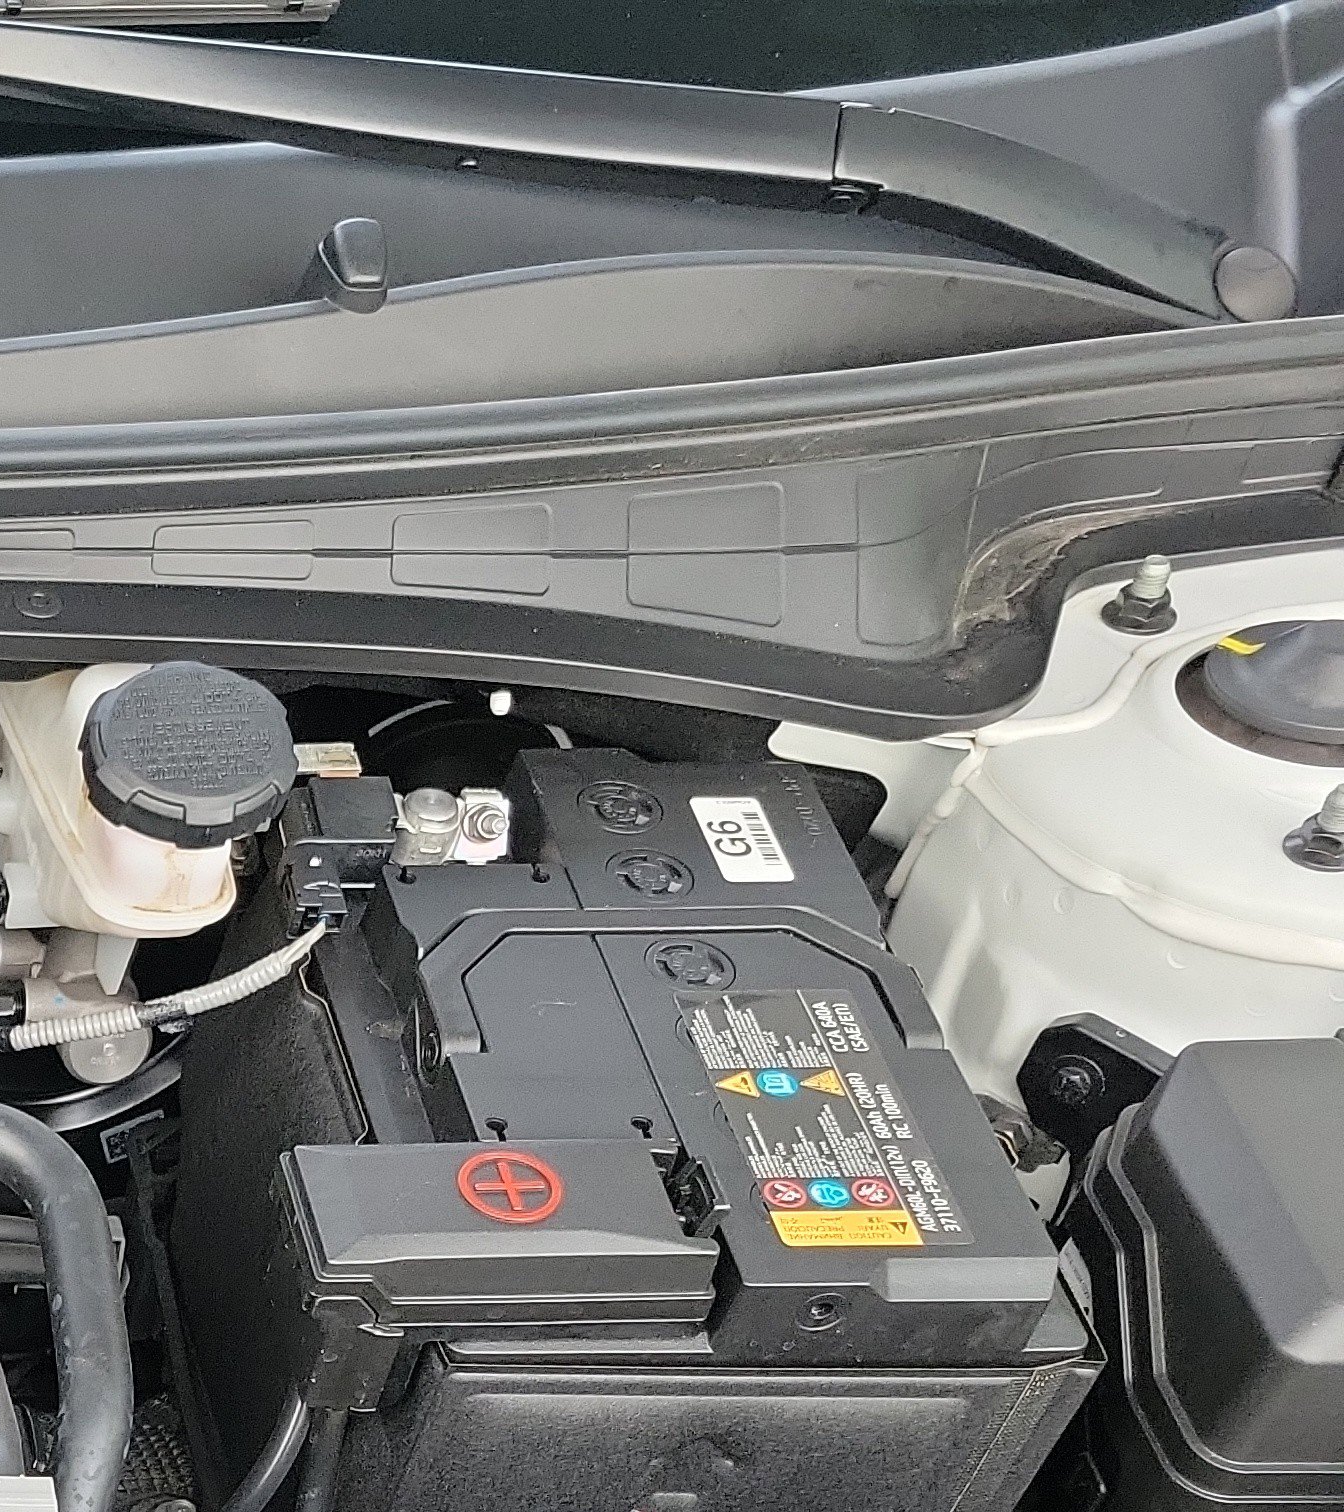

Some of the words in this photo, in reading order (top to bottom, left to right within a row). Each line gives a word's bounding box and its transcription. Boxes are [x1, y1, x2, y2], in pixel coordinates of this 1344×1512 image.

[707, 821, 752, 857] G6
[812, 1001, 838, 1029] 640A
[830, 1027, 849, 1052] CCA
[845, 1072, 875, 1109] (20HR)
[881, 1083, 902, 1120] 100min
[866, 1110, 893, 1139] 60Ah
[895, 1121, 913, 1139] RC
[911, 1159, 962, 1233] 37110-F9620

### What needs to be done
From the material above, output every line exactly as written, dropping any picture.

### Output below
Some of the words in this photo, in reading order (top to bottom, left to right within a row). Each line gives a word's bounding box and its transcription. Boxes are [x1, y1, x2, y2], in pixel coordinates of this 1344×1512 image.

[707, 821, 752, 857] G6
[812, 1001, 838, 1029] 640A
[830, 1027, 849, 1052] CCA
[845, 1072, 875, 1109] (20HR)
[881, 1083, 902, 1120] 100min
[866, 1110, 893, 1139] 60Ah
[895, 1121, 913, 1139] RC
[911, 1159, 962, 1233] 37110-F9620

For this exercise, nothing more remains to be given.